As astronomers have catalogued planets found by tess and other instruments, they have spotted both patterns and puzzles. There are, for instance, lots of super-Earths and lots of mini-Neptunes. But there is a gap between them. Few planets are known that have between one-and-a-half times and twice the diameter of Earth.

This so-called “Fulton gap”—named after Benjamin Fulton, a phd student who noticed it in 2017—could have several explanations. Possibly, planets on either side of the gap are different sorts of object. Super-Earths might be born from dust and rocks, and be kept small by a lack of suitable material from which to grow, while mini-Neptunes, constructed of commoner materials such as ice, can grow much larger. (8/3)

Bezos Touts a Full-Power Firing of Blue Origin’s Next-Generation BE-4 Rocket Engine (Source: GeekWire)
Amazon billionaire Jeff Bezos is showing off a picture of his Blue Origin space venture’s BE-4 rocket engine going full blast during a hot-fire test in Texas. “BE-4 continues to rack up time on the test stand,” Bezos said in an Instagram post accompanied by a picture of today’s full-power engine test. Getting the BE-4 into operation is crucial to Blue Origin’s space ambitions.

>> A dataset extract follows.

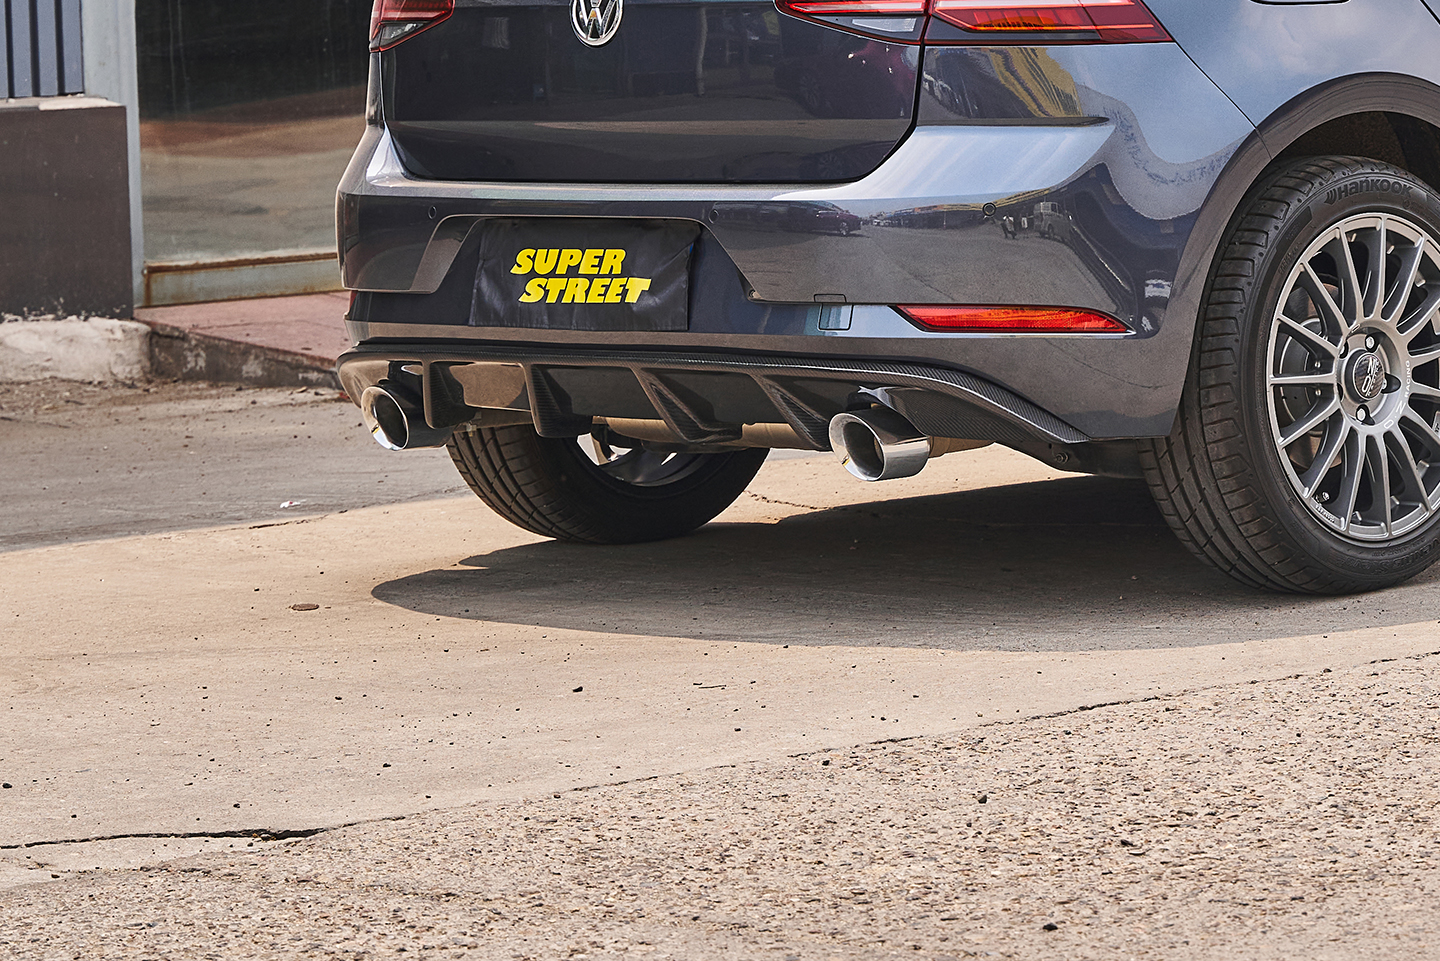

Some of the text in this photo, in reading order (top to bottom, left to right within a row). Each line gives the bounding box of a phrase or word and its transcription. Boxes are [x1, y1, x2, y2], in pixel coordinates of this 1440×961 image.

[509, 247, 626, 276] SUPER
[517, 276, 652, 305] STREET
[1403, 360, 1412, 399] RACING

The rocket engine, which runs on liquefied natural gas and packs 550,000 pounds of thrust at liftoff, is destined for use on Blue Origin’s orbital-class New Glenn rocket. It’s also supposed to power United Launch Alliance’s next-generation, semi-reusable Vulcan rocket. Blue Origin has been testing BE-4 engine components at its West Texas proving ground for more than two years, and the course has not always run smooth. In May 2017, for instance, Bezos acknowledged that a test of the engine’s powerpack went awry, resulting in the loss of hardware.

The fact that he’s sharing a picture of the full-power firing on a summery Friday night suggests that the test program is on track. But it also suggests there are more test firings to go. When the BE-4 gets an honest-to-goodness thumbs-up, that’ll clear the way for engine production to shift from Blue Origin’s headquarters in Kent, Wash., to a 200,000-square-foot factory that’s currently under construction in Huntsville, Ala. That, in turn, will set the stage for New Glenn rocket assembly to move ahead at Blue Origin’s 750,000-square-foot facility in Florida. (8/2)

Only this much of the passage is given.